The restriction of glucose or the amino acid glutamine is essential to kill cancer cells. Glutamine is a constituent of most proteins meaning a diet high in protein can also fuel cancer cells.2 A ketogenic diet is the perfect diet consisting of 75% fat, 20% protein, and 5% carbohydrates. With the restriction of carbohydrates and limited amount of protein, cancer cells would be unable to reproduce and survive. According to an article published in the National Center for Biotechnology Information (NCBI), ketogenic diets could be a dietary manipulation used to create metabolic oxidative stress in cancer cells, proving to be a diet efficient in killing cancer cells.3 In fact, preclinical studies have demonstrated that a ketogenic diet combined with radio-chemo-therapy have improved responses in cancer models.3

Even though chemo-radiation has advanced incredibly recently, it still leaves a poor prognosis for cancer patients.3 This leads to a need for natural approaches that reduce the amount of toxicity a patient receives while selectively killing cancer cells and protecting normal cells.3 A ketogenic diet naturally exploits oxidative metabolic differences between cancer cells and normal cells.3 Dr. Thomas Seyfried, leading proponent on the metabolic theory of cancer using Warburg’s findings, argues that several studies shows a relationship between the slowing of tumor progression on a ketogenic diet.4 He recognizes that cancer treatments now have become so toxic that they are unnecessarily poisoning people to try to get them healthy. Seyfried knows that imposing nutrition as a cancer treatment will still be combined with existing therapies but he believes it will create less of a need for toxic methods to patients, creating an opportunity for lower doses.4

A ketogenic has been proven to be suitable for even advanced cancer patients creating improvement of quality of life without any side effects.5 Beating this disease with the help of nutrition could be the new treatment to cancer. Here is what a ketogenic diet would look like in a cancer patient: the recommended optimal blood glucose, sugar, level to destroy cancer cells is between 60-70mg/dl and ketone levels should be between 4-7mM.2 Omega-3 supplements have also shown stimulation of the anti-cancer effects in a ketogenic diet.2 While there are numerous testimonials about how a ketogenic diet helped patients beat their cancer, more trials are needed to label this diet as a new treatment. For now, we should continue to explore the benefits of the ketogenic diet in cancer patients.

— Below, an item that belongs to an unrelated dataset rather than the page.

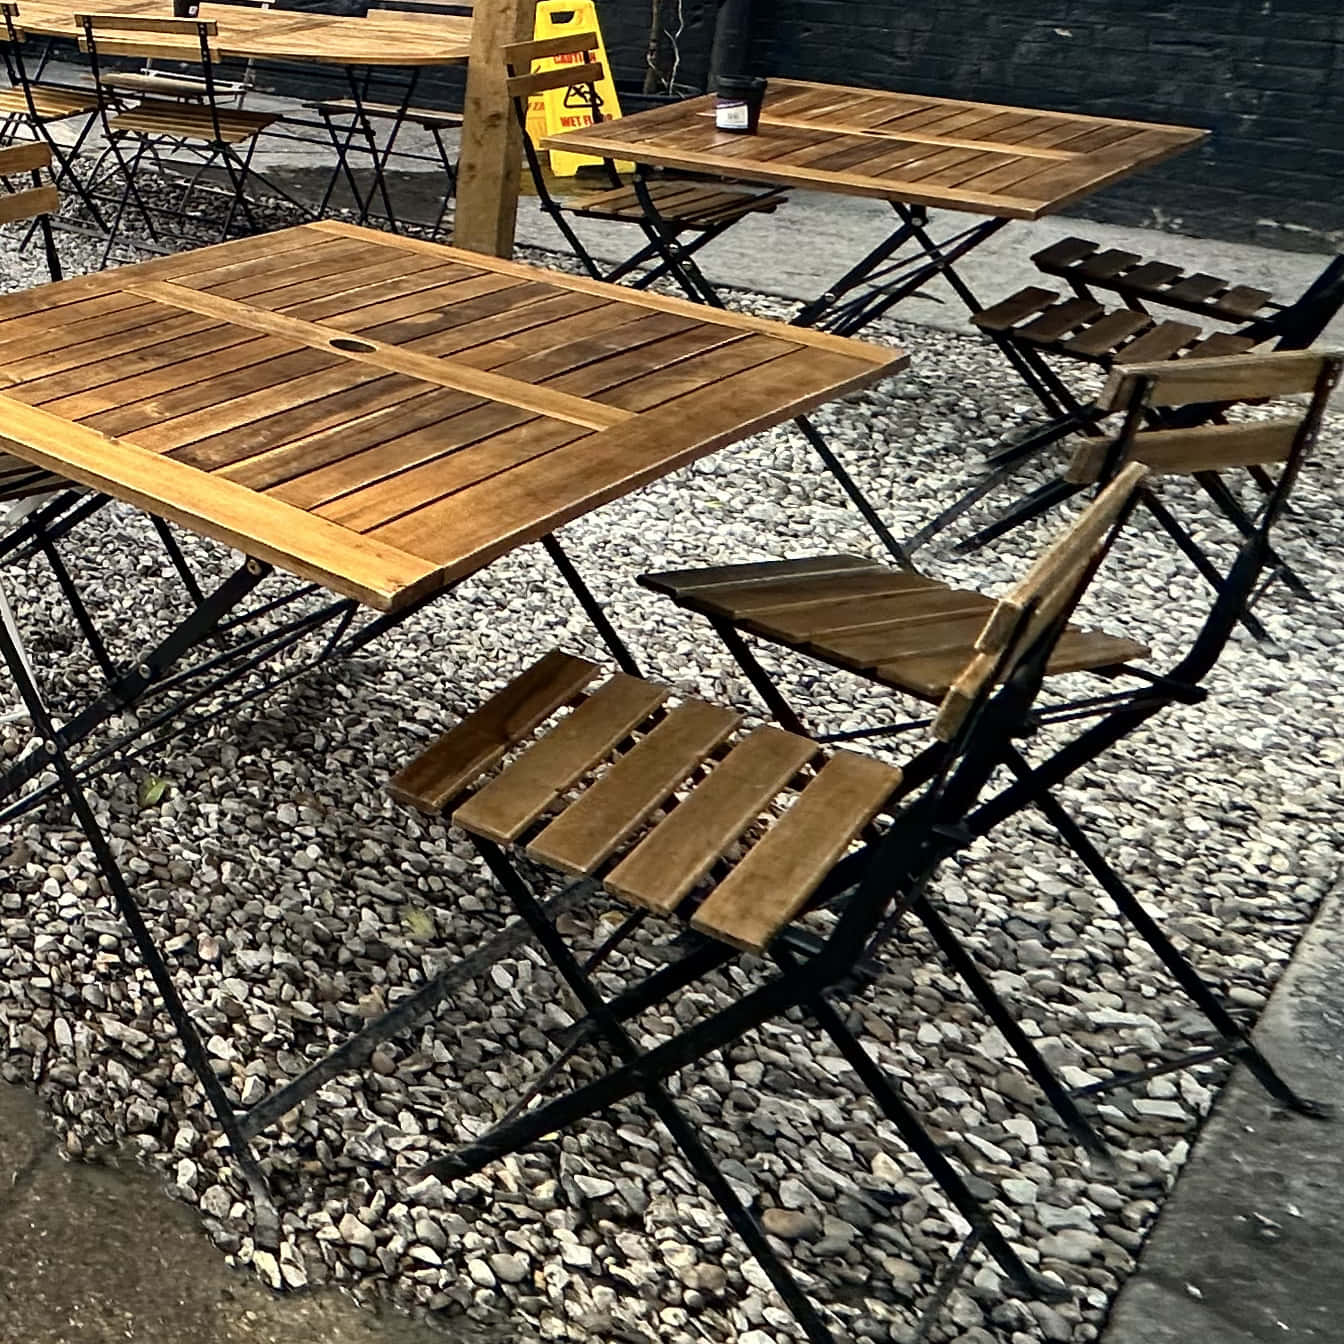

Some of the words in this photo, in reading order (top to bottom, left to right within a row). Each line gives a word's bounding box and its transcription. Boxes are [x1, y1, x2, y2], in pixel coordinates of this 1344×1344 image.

[553, 51, 597, 64] CAUTIN
[560, 116, 582, 127] WET
[583, 113, 613, 127] FLR

1 Cancer Statistics. (n.d.). Retrieved from https://www.cancer.gov/about-cancer/understanding/statistics

2 How the Ketogenic Diet Weakens Cancer Cells. (2017, June 01). Retrieved from https://thetruthaboutcancer.com/ketogenic-diet-weakens-cancer-cells/

3 Allen, B. G., Bhatia, S. K., Anderson, C. M., Eichenberger-Gilmore, J. M., Sibenaller, Z. A., Mapuskar, K. A., . . . Fath, M. A. (2014). Retrieved from https://www.ncbi.nlm.nih.gov/pmc/articles/PMC4215472/

4 Stetka, B. (2016, March 05). Fighting Cancer By Putting Tumor Cells On A Diet. Retrieved from https://www.npr.org/sections/health-shots/2016/03/05/468285545/fighting-cancer-by-putting-tumor-cells-on-a-diet

5 Schmidt, M., Pfetzer, N., Schwab, M., Strauss, I., & Kämmerer, U. (2011). Retrieved from https://www.ncbi.nlm.nih.gov/pmc/articles/PMC3157418/

Editor’s Note: Fill Your Plate neither endorses or supports this type of diet, but encourages readers to always consult with your doctor regarding special diets. This series shares one nutrition student’s experience with the diet.